▸ **Your task**
The lines from the one with "this 2000×1333 image." through the last line below are to be copied exactly; no other lines are to be returned.

The records START

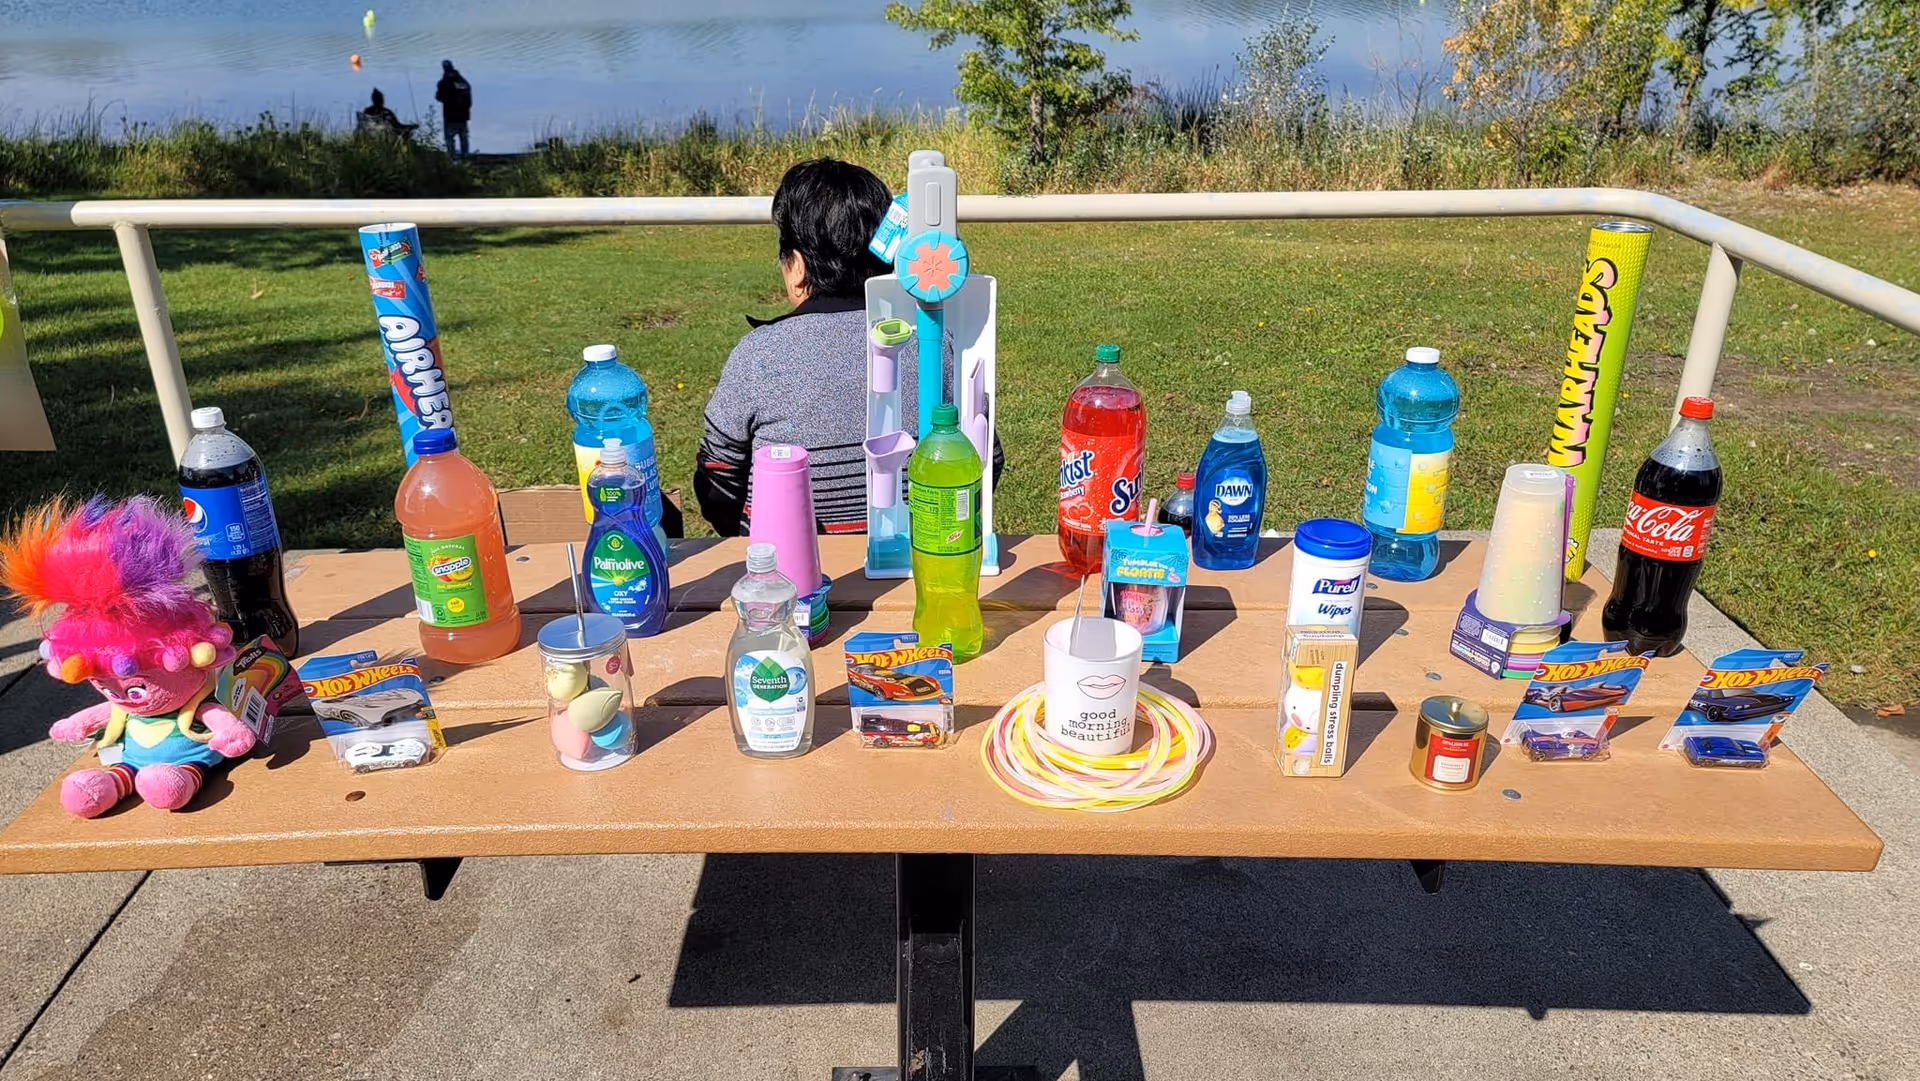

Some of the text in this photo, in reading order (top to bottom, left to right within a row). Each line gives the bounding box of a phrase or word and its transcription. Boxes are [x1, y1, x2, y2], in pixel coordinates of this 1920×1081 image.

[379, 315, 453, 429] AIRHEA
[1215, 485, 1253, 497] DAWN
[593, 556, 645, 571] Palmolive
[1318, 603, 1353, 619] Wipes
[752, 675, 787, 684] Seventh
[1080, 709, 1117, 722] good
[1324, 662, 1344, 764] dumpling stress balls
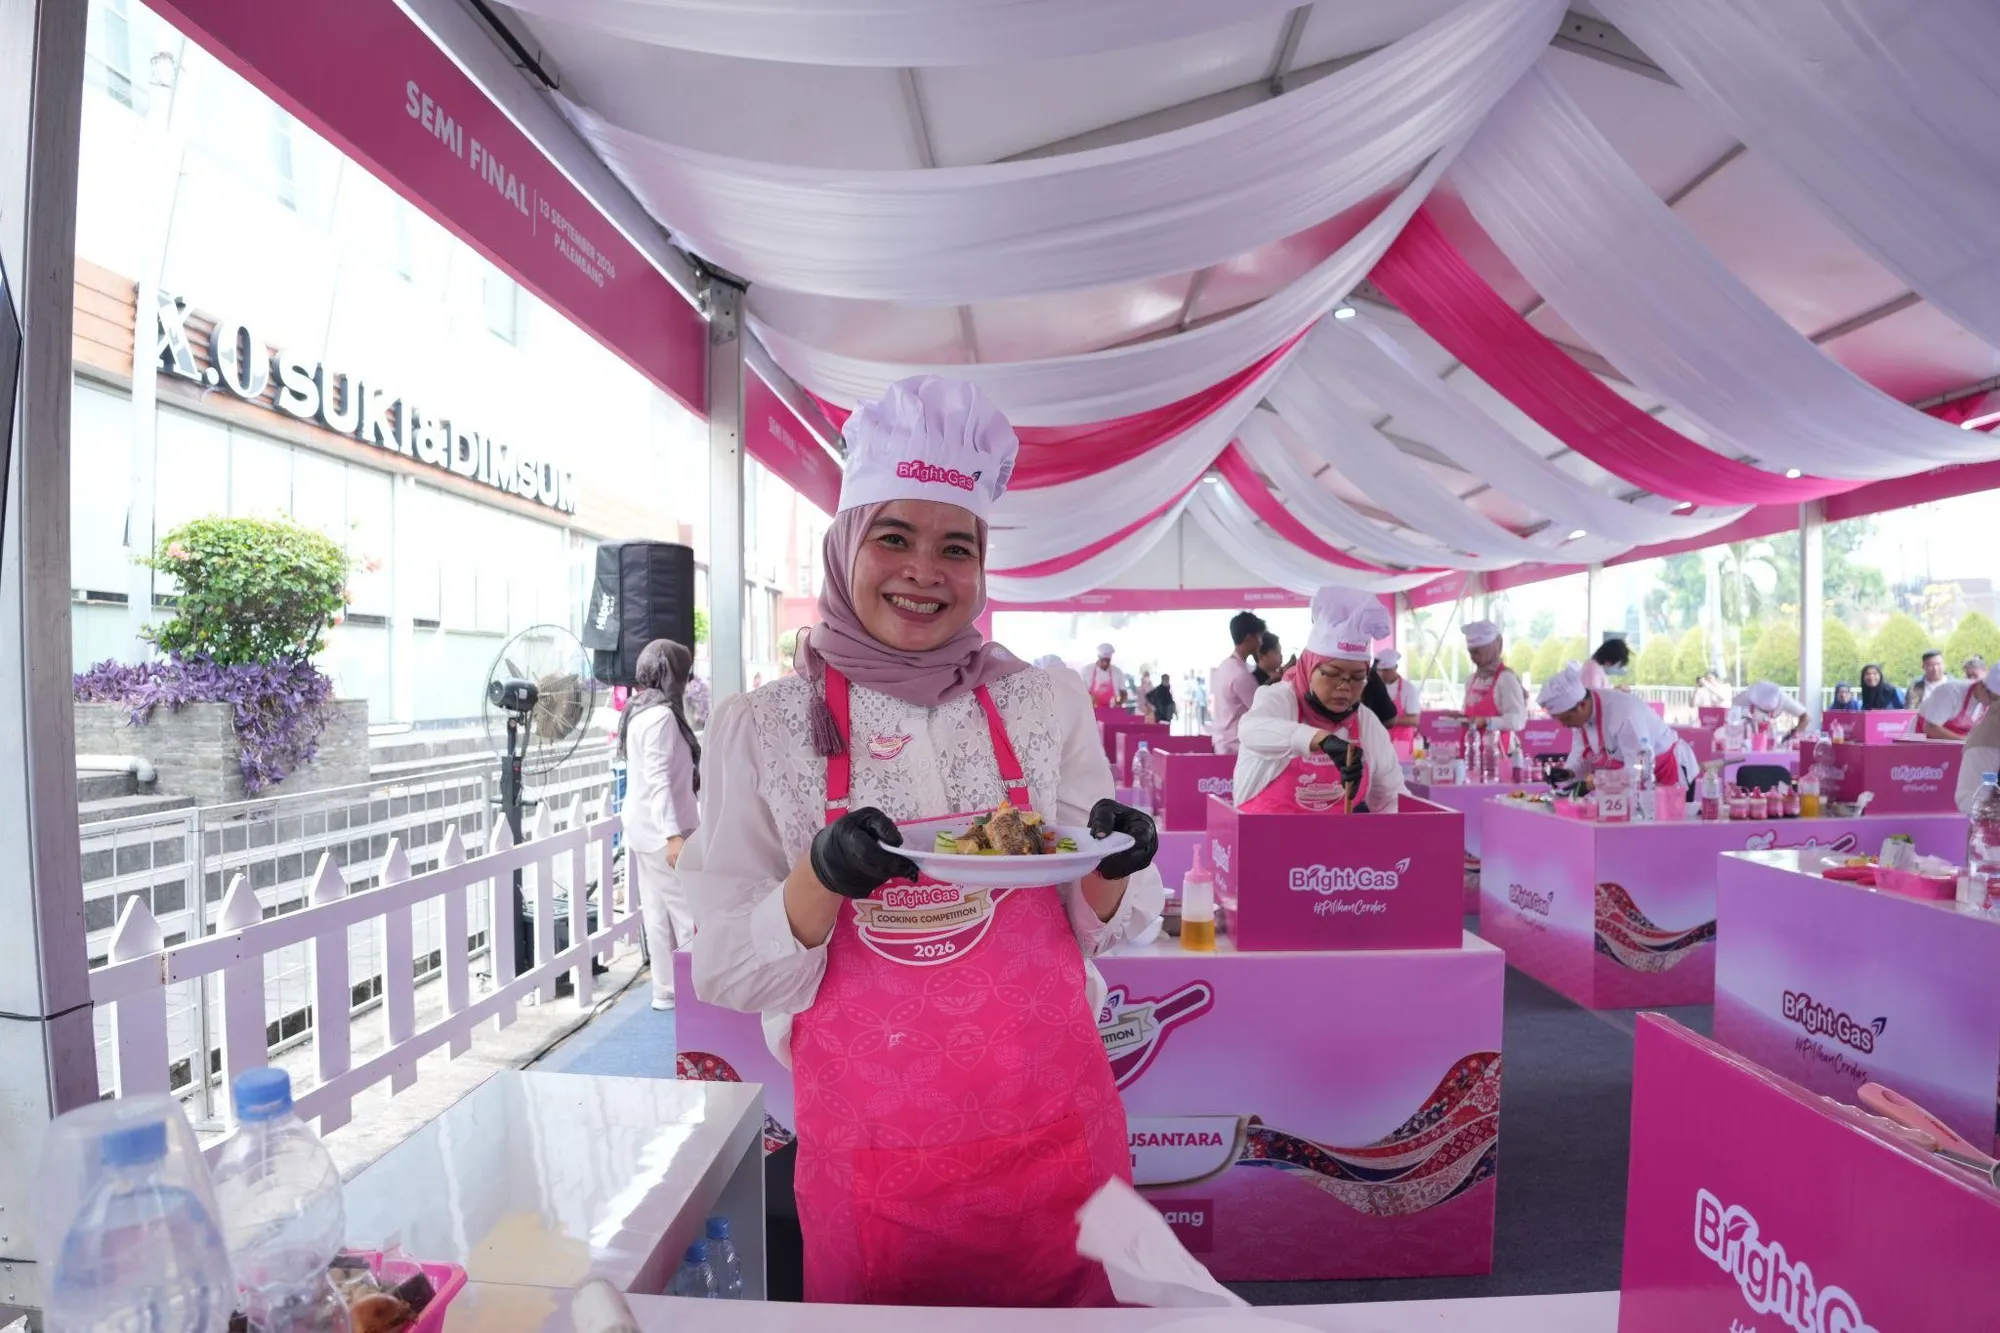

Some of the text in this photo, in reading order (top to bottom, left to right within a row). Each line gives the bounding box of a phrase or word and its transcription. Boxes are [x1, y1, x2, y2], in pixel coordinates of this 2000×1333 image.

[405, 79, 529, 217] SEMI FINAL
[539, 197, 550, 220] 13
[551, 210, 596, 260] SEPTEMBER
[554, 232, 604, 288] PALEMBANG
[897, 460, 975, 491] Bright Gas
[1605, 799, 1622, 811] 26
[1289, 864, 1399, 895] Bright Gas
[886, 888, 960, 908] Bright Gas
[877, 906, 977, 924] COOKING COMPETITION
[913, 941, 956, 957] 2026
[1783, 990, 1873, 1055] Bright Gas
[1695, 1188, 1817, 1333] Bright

The records END

▸ **Answer section**
Some of the text in this photo, in reading order (top to bottom, left to right within a row). Each line gives the bounding box of a phrase or word and its transcription. Boxes are [x1, y1, x2, y2], in pixel coordinates of this 2000×1333 image.

[405, 79, 529, 217] SEMI FINAL
[539, 197, 550, 220] 13
[551, 210, 596, 260] SEPTEMBER
[554, 232, 604, 288] PALEMBANG
[897, 460, 975, 491] Bright Gas
[1605, 799, 1622, 811] 26
[1289, 864, 1399, 895] Bright Gas
[886, 888, 960, 908] Bright Gas
[877, 906, 977, 924] COOKING COMPETITION
[913, 941, 956, 957] 2026
[1783, 990, 1873, 1055] Bright Gas
[1695, 1188, 1817, 1333] Bright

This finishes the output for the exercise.